■ Task item ■
An exact copy of every entry is needed, with the images left out.

Items listed in a dataset
○ ○ ○ ○ ○
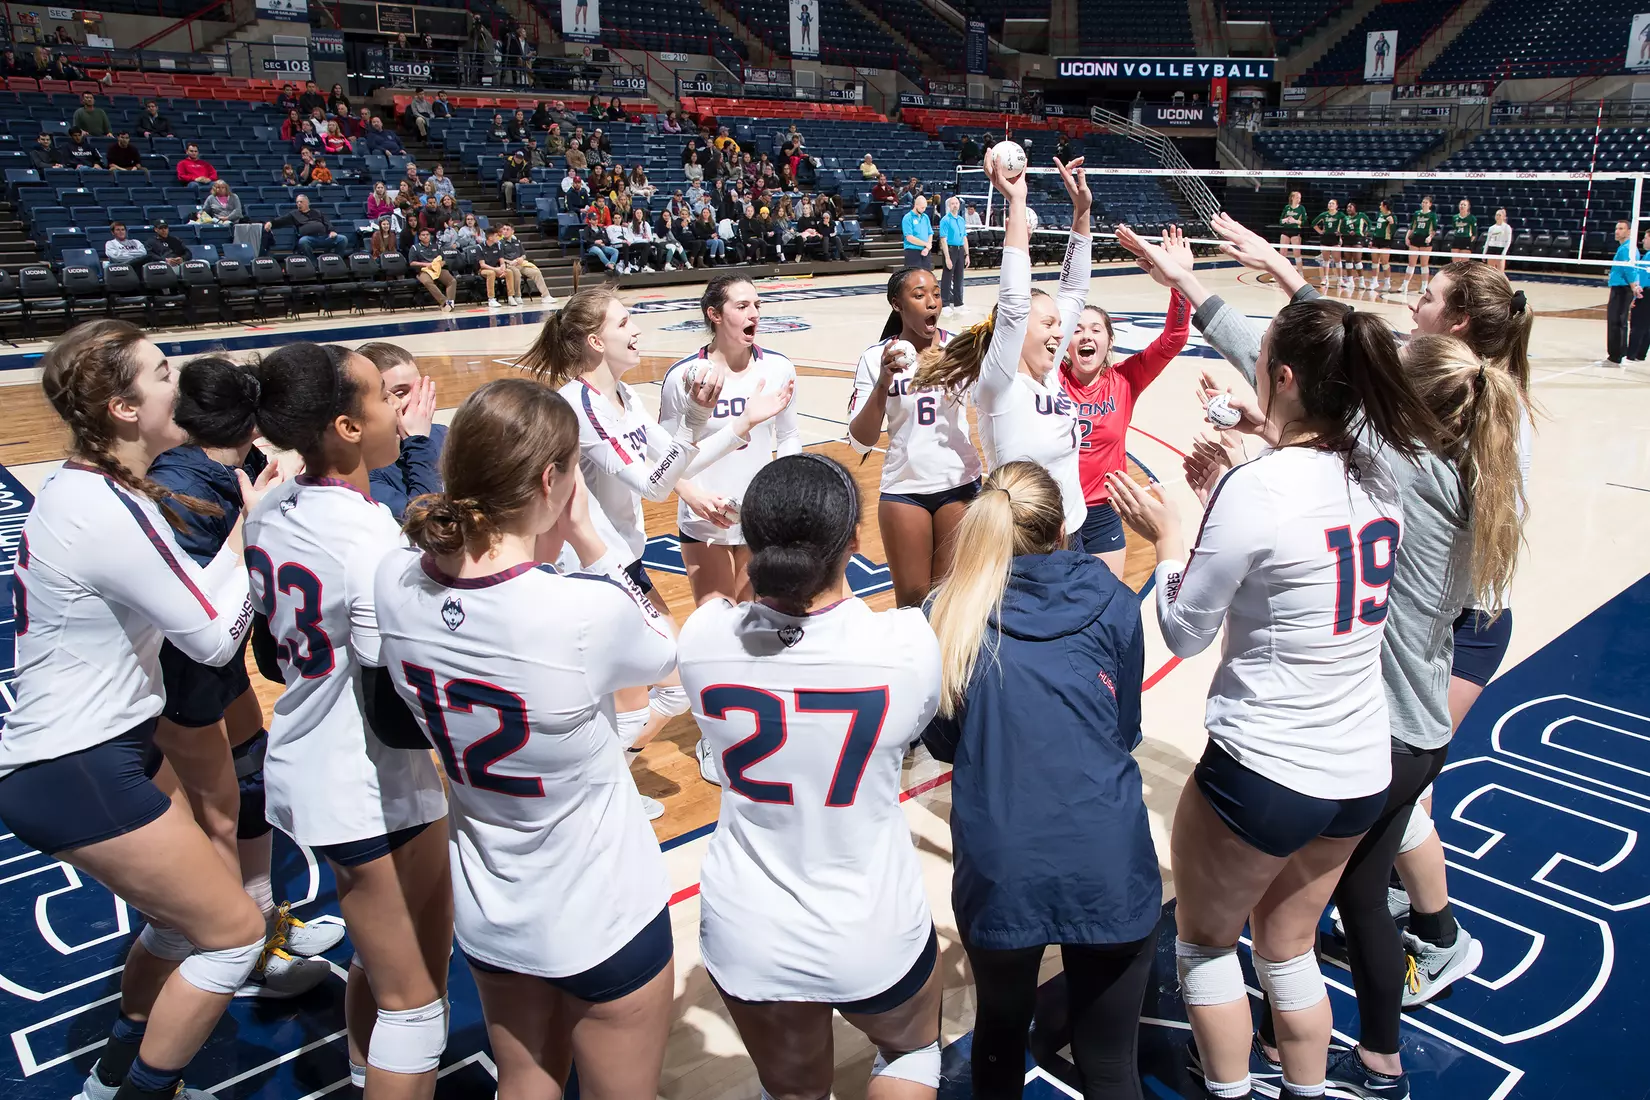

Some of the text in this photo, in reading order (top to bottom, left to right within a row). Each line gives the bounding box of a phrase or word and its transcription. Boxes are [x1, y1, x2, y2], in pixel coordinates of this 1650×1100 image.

[50, 9, 67, 17] SEC
[284, 60, 310, 72] 108
[407, 65, 430, 75] 109
[1060, 62, 1269, 77] UCONN VOLLEYBALL
[626, 79, 645, 88] 109
[696, 82, 712, 91] 110
[841, 90, 855, 99] 110
[913, 95, 924, 104] 111
[1157, 109, 1203, 120] UCONN
[1061, 241, 1076, 283] HUSKIES
[917, 396, 936, 426] 6
[1072, 396, 1116, 416] ONN
[649, 447, 679, 484] HUSKIES
[1324, 517, 1401, 636] 19
[244, 545, 336, 680] 23
[401, 660, 546, 798] 12
[700, 683, 889, 808] 27
○ ○ ○ ○ ○
■ Answer space ■
Some of the text in this photo, in reading order (top to bottom, left to right within a row). Each line gives the bounding box of a phrase or word and its transcription. Boxes are [x1, y1, x2, y2], in pixel coordinates of this 1650×1100 image.

[50, 9, 67, 17] SEC
[284, 60, 310, 72] 108
[407, 65, 430, 75] 109
[1060, 62, 1269, 77] UCONN VOLLEYBALL
[626, 79, 645, 88] 109
[696, 82, 712, 91] 110
[841, 90, 855, 99] 110
[913, 95, 924, 104] 111
[1157, 109, 1203, 120] UCONN
[1061, 241, 1076, 283] HUSKIES
[917, 396, 936, 426] 6
[1072, 396, 1116, 416] ONN
[649, 447, 679, 484] HUSKIES
[1324, 517, 1401, 636] 19
[244, 545, 336, 680] 23
[401, 660, 546, 798] 12
[700, 683, 889, 808] 27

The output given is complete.